China: Even though it's not a member of the G7, China — the world's second largest economy — looms large at the summit. Biden is expected to try and convince allies to join Washington in taking a tougher stance towards Beijing over its actions in Xinjiang, Hong Kong and the South China Sea.
There are also reports that the meeting could produce a green alternative to China's Belt and Road Initiative, which Beijing has used to finance international development projects and curry favor abroad.
Covid-19: Of course, there's the pandemic to consider, too. G7 leaders are also looking at whether to back allocating $100 billion from the International Monetary Fund to support vaccinations and the economic recovery for countries most in need.
The White House said in a statement Friday that more details would be given in the communique from G7 leaders expected over the weekend.
Hackers breach FIFA maker Electronic Arts
The onslaught of hacks isn't letting up as awareness grows over the threat cyberattacks pose both to companies and the broader economy.
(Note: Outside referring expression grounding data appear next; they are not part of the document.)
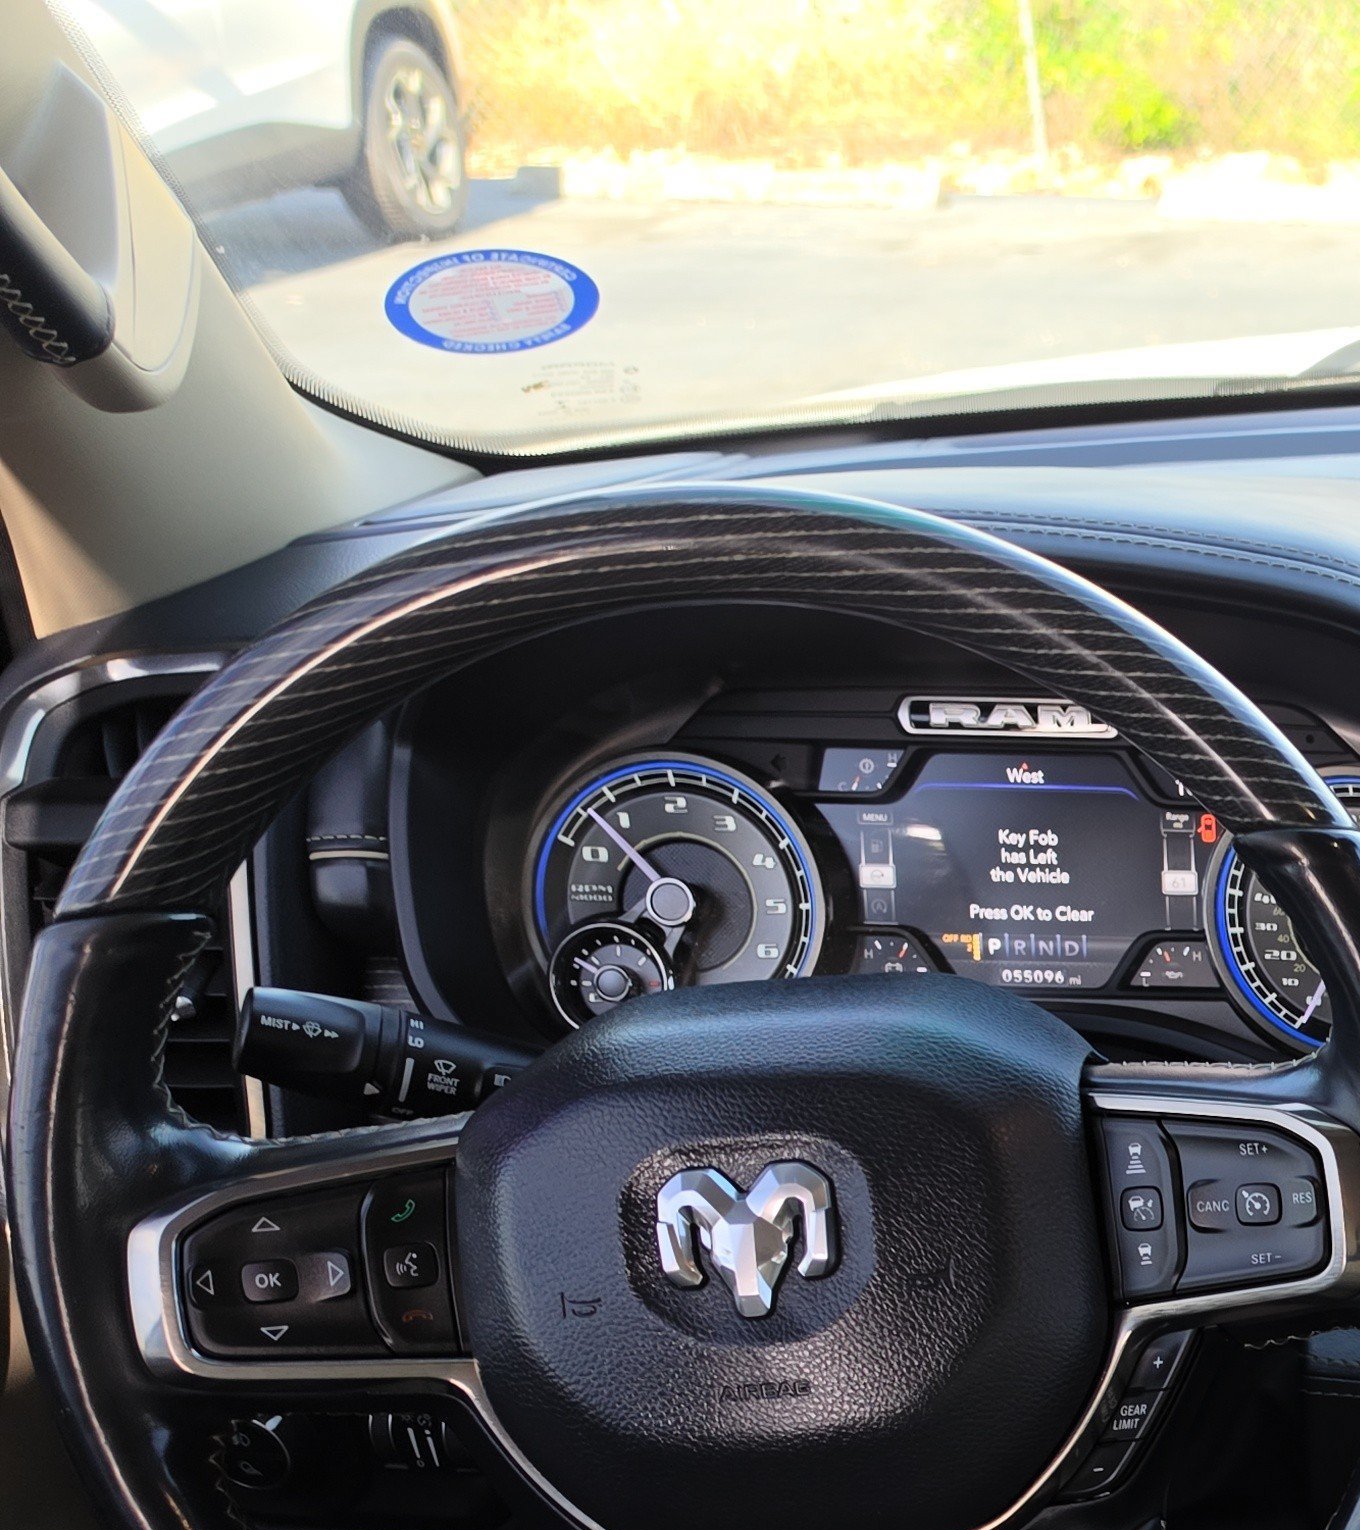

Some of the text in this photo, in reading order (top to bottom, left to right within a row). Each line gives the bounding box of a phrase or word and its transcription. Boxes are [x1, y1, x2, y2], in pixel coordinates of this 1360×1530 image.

[929, 703, 1091, 731] RAM
[1006, 768, 1045, 784] West
[664, 797, 688, 814] 2
[714, 815, 737, 832] 3
[998, 828, 1059, 848] Key Fob
[582, 846, 609, 862] 0
[752, 853, 776, 869] 4
[1001, 847, 1059, 865] has Left
[989, 866, 1070, 884] the Vehicle
[765, 899, 787, 915] 5
[969, 903, 1095, 922] Press OK to Clear
[756, 943, 779, 959] 6
[987, 937, 1080, 957] P R N D
[1264, 949, 1297, 961] 20
[1001, 969, 1082, 986] 055096 mi
[260, 1015, 291, 1031] MIST
[410, 1018, 425, 1030] HI
[407, 1035, 425, 1049] LO
[427, 1072, 460, 1087] FRONT
[1196, 1200, 1230, 1213] CANC
[1292, 1191, 1313, 1206] RES
[255, 1272, 282, 1289] OK
[1120, 1404, 1147, 1417] GEAR
[1113, 1417, 1140, 1431] LIMIT
The latest victim: Electronic Arts, one of the world's biggest video game publishers.
The company has confirmed that hackers broke into its systems and stole source code used in its games. Online forum posts reviewed by CNN Business and vetted by an independent cybersecurity expert show that on June 6, hackers claimed to have obtained 780 gigabytes of data from EA — including the Frostbite source code, the engine that powers the popular FIFA, Madden and Battlefield series.
The hackers claimed to offer "full capability of exploiting on all EA services." They also purport to have stolen software development tools for FIFA 21 and server code for player matchmaking in FIFA 22.
Brett Callow, a threat analyst at Emsisoft, said losing control over source code could be problematic for EA's business.
"Source code could, theoretically, be copied by other developers or used to create hacks for games," he said.
Ekram Ahmed, a spokesperson for the cybersecurity firm Check Point, said that hackers "can comb through the code [and] identify deeper flaws for exploit."
According to EA, player data was not compromised in the breach, and the company said it's already made security improvements. It does not expect the hack to hit its business, according to a spokesperson.
Investor insight: Wall Street is taking the company at its word, with shares flat in premarket trading. But the full cost may not be evident just yet.
Here's exactly what's getting more expensive
Consumer prices in the United States skyrocketed at their fastest pace in decades last month, sending a warning signal as the economic recovery picks up steam.
Inflation rose 5% in the 12 months ending in May, the biggest jump since August 2008. Stripping out volatile food and energy costs, inflation stood at 3.8% year-over-year — the largest increase since 1992.
So what exactly are Americans spending more money on? It's a varied list.
The cost of household furnishings, including furniture and bedding, rose 1.3% last month. That's the largest increase since 1976.
Used car and truck prices also surged for the second consecutive month. In May, they leaped 7.3%, accounting for about one third of the overall increase in prices recorded. New cars got more expensive, too, with prices climbing 1.6%.
Travels costs are also going up as Americans book vacations after spending more than a year cooped up at home. Air fares rose 7% month-over-month, while the price of renting a car increased by more than 12%.
And hosting a Fourth of July picnic could be a bit harder on the wallet. The price of beef steaks rose 4.3% last month — though hot dogs are 1.9% cheaper than in April.
The University of Michigan's consumer sentiment survey for June posts at 10 a.m. ET.
Coming this weekend: The Group of Seven meeting of world leaders continues in Cornwall, England.